— Task item —
Your transcription must include every record word for word and no pictures.

(Saved data entries)
▼▼▼
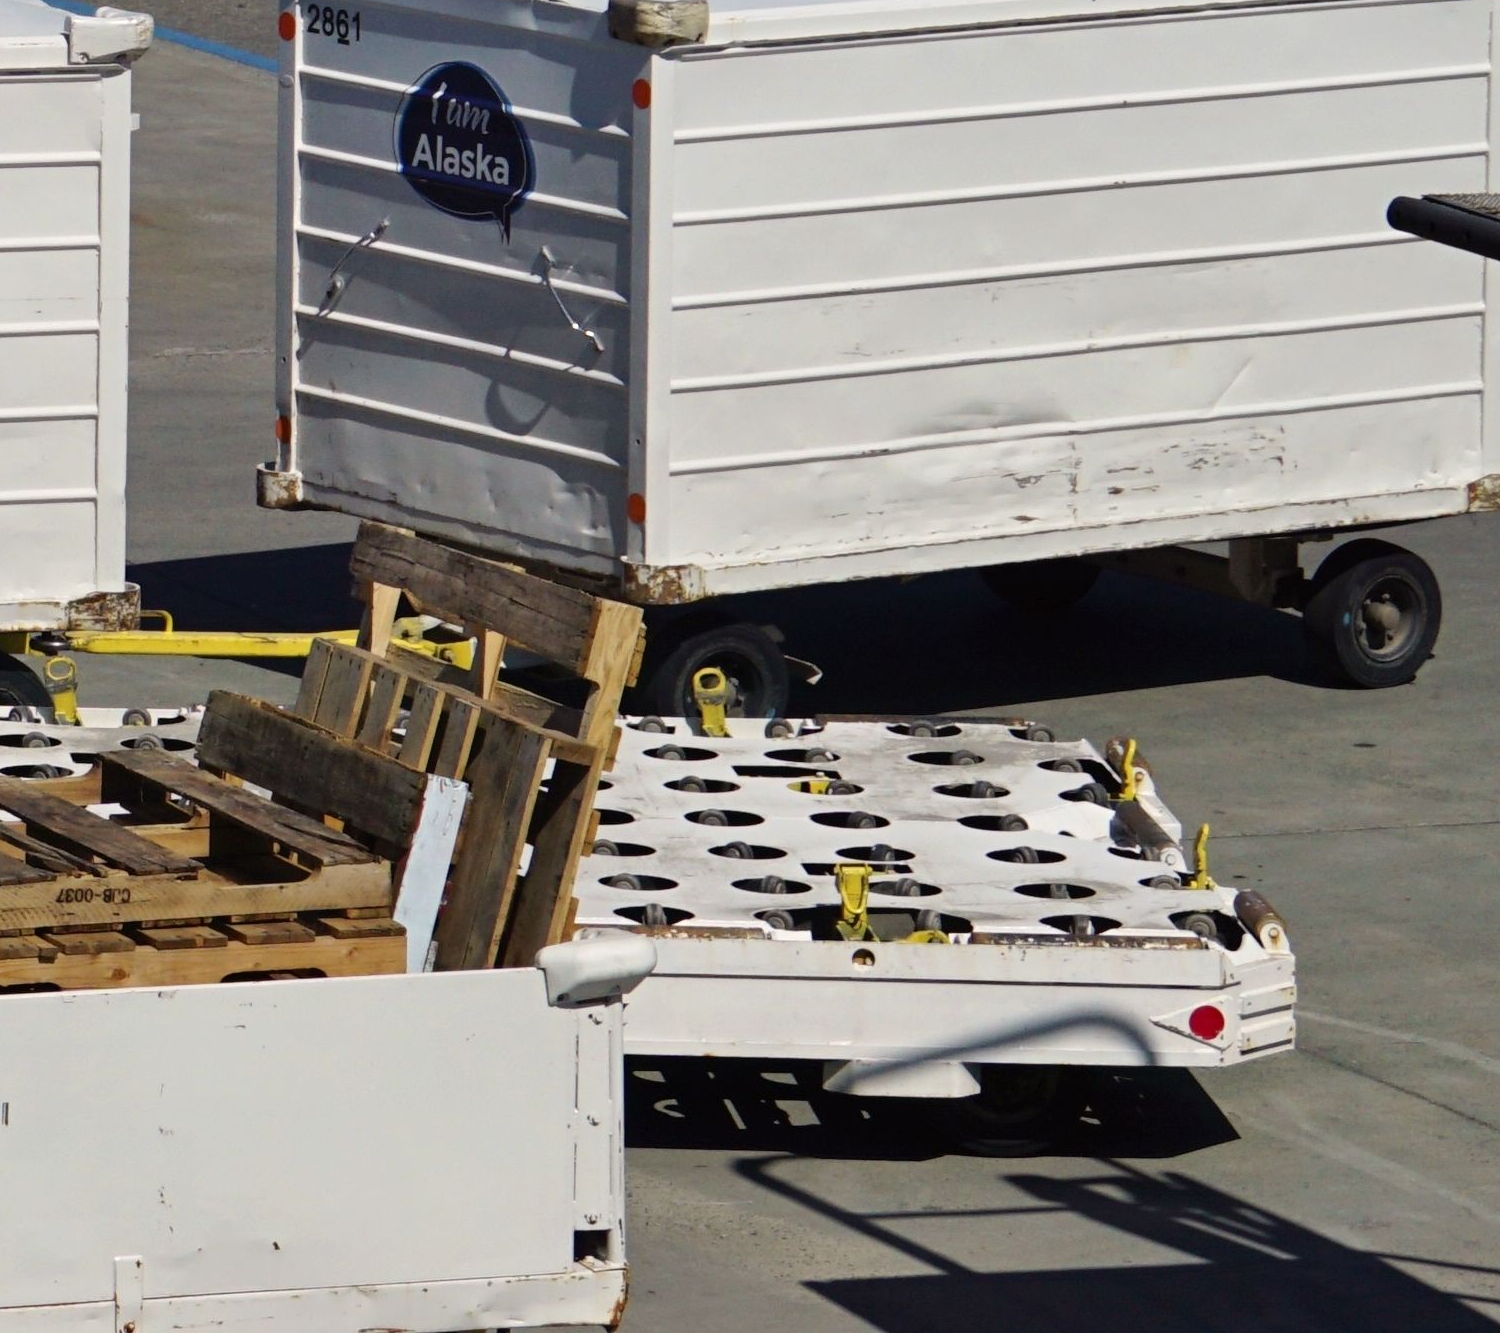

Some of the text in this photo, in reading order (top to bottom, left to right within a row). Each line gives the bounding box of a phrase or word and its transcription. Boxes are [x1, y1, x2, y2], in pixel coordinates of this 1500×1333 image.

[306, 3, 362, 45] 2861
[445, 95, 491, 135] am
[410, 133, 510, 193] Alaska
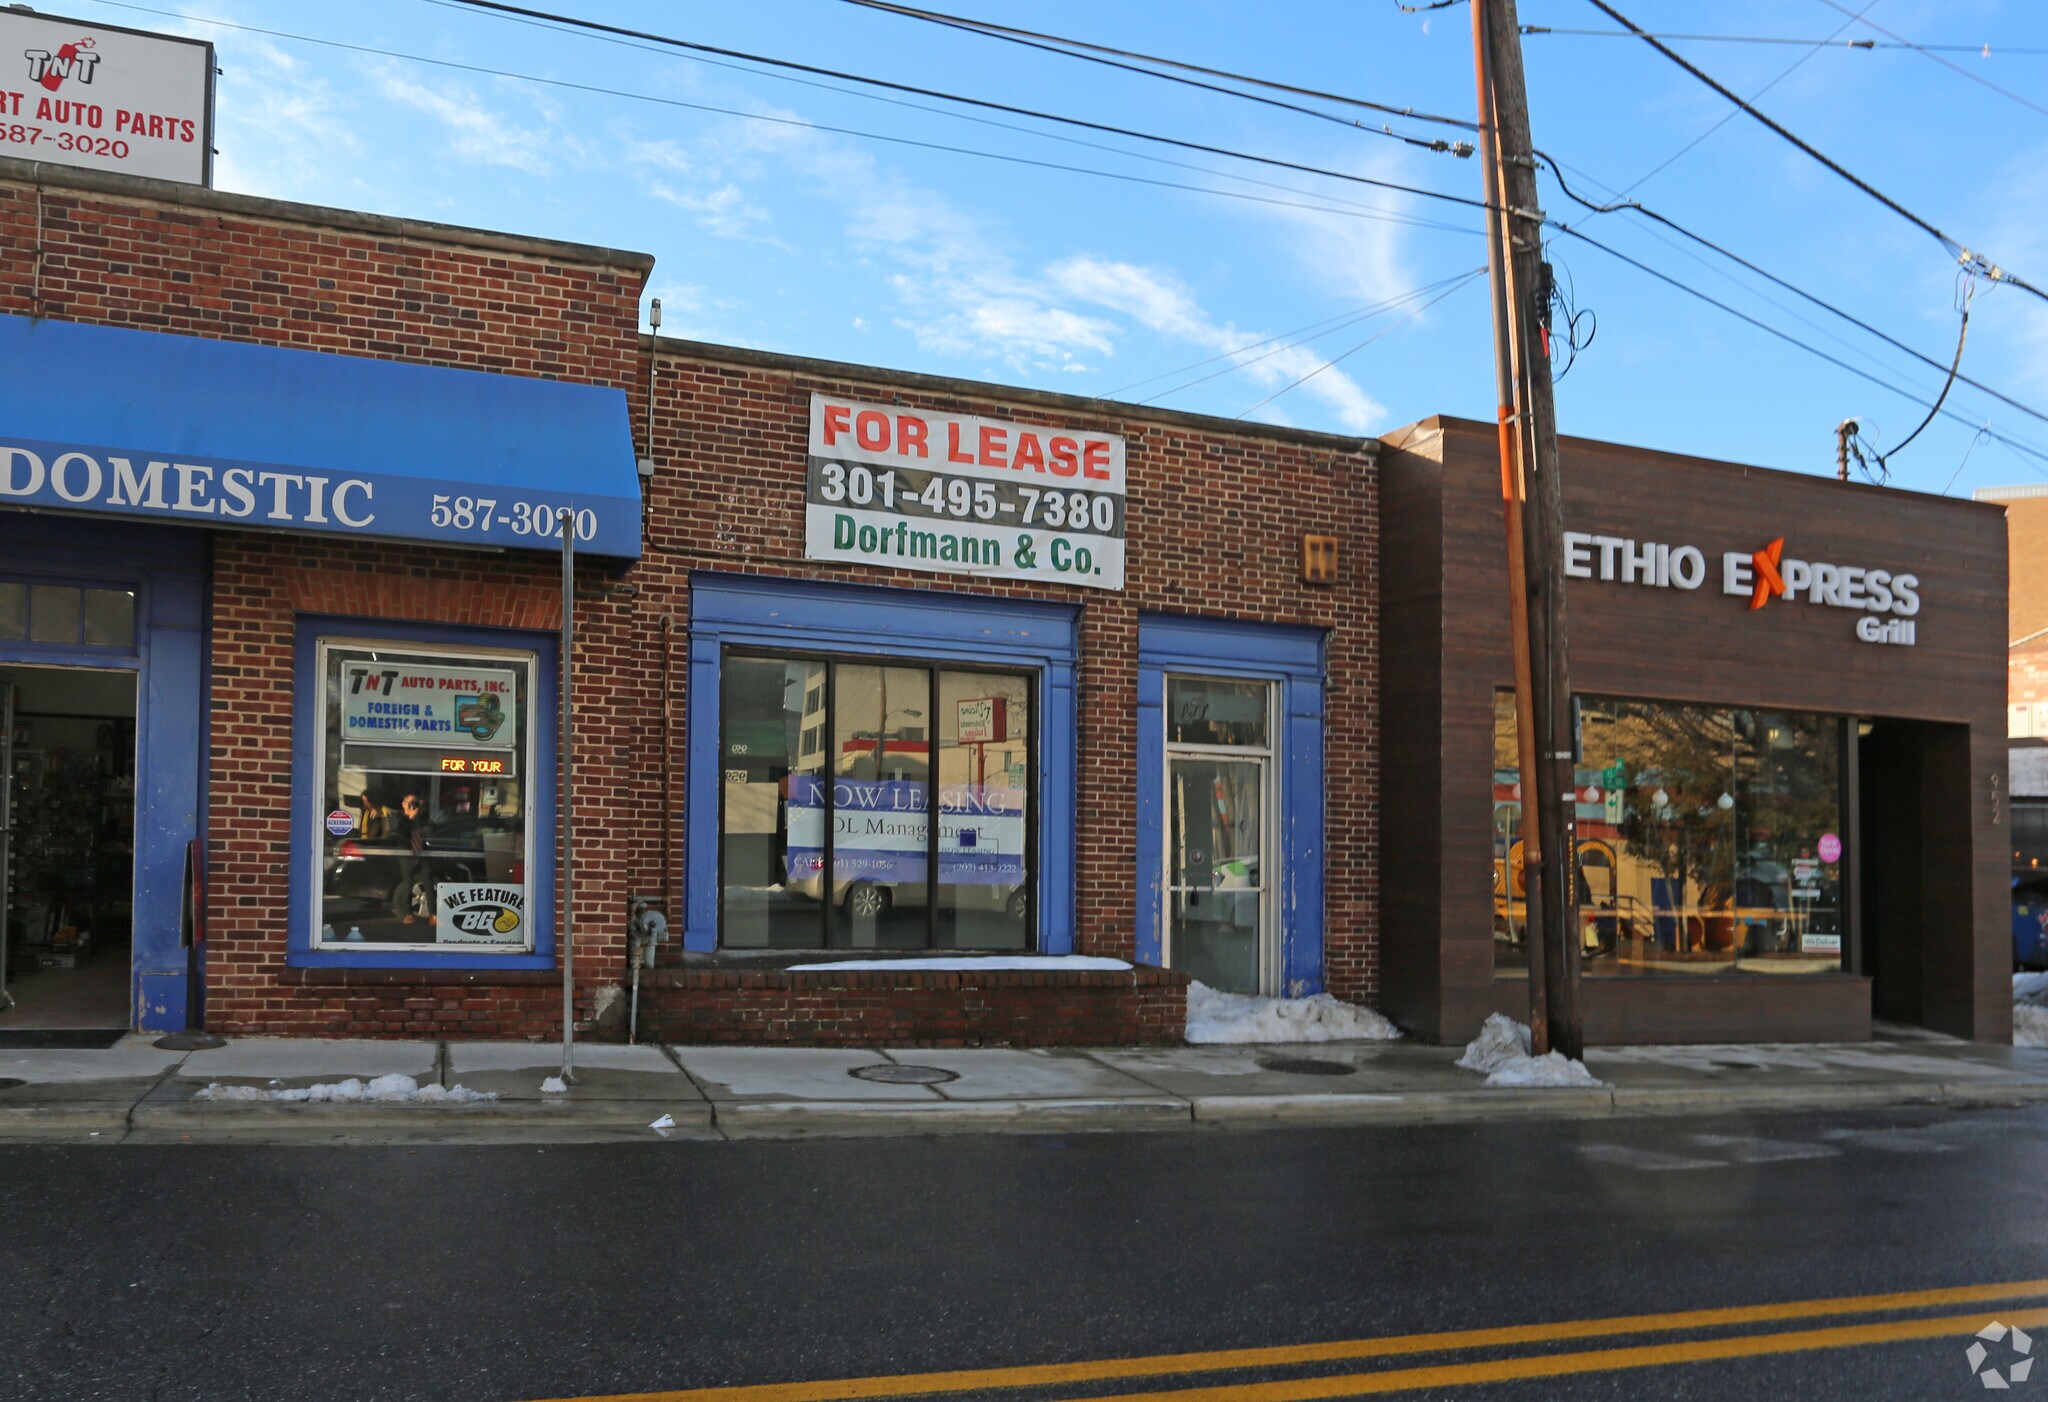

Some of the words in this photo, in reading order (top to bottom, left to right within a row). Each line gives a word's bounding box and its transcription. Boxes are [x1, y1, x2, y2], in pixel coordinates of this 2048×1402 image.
▲▲▲
— Answer box —
Some of the text in this photo, in reading order (top to bottom, left to right within a row). Each line gives the bounding box of a phrase or word and its transcription. Boxes are [x1, y1, x2, y2], in pixel coordinates of this 1500×1333 image.

[306, 3, 362, 45] 2861
[445, 95, 491, 135] am
[410, 133, 510, 193] Alaska

Some of the words in this photo, in reading order (top to bottom, left to right within a row). Each line gives a word's bounding box and its transcription. Boxes are [x1, y1, x2, y2], in pixel coordinates of this 2048×1402 image.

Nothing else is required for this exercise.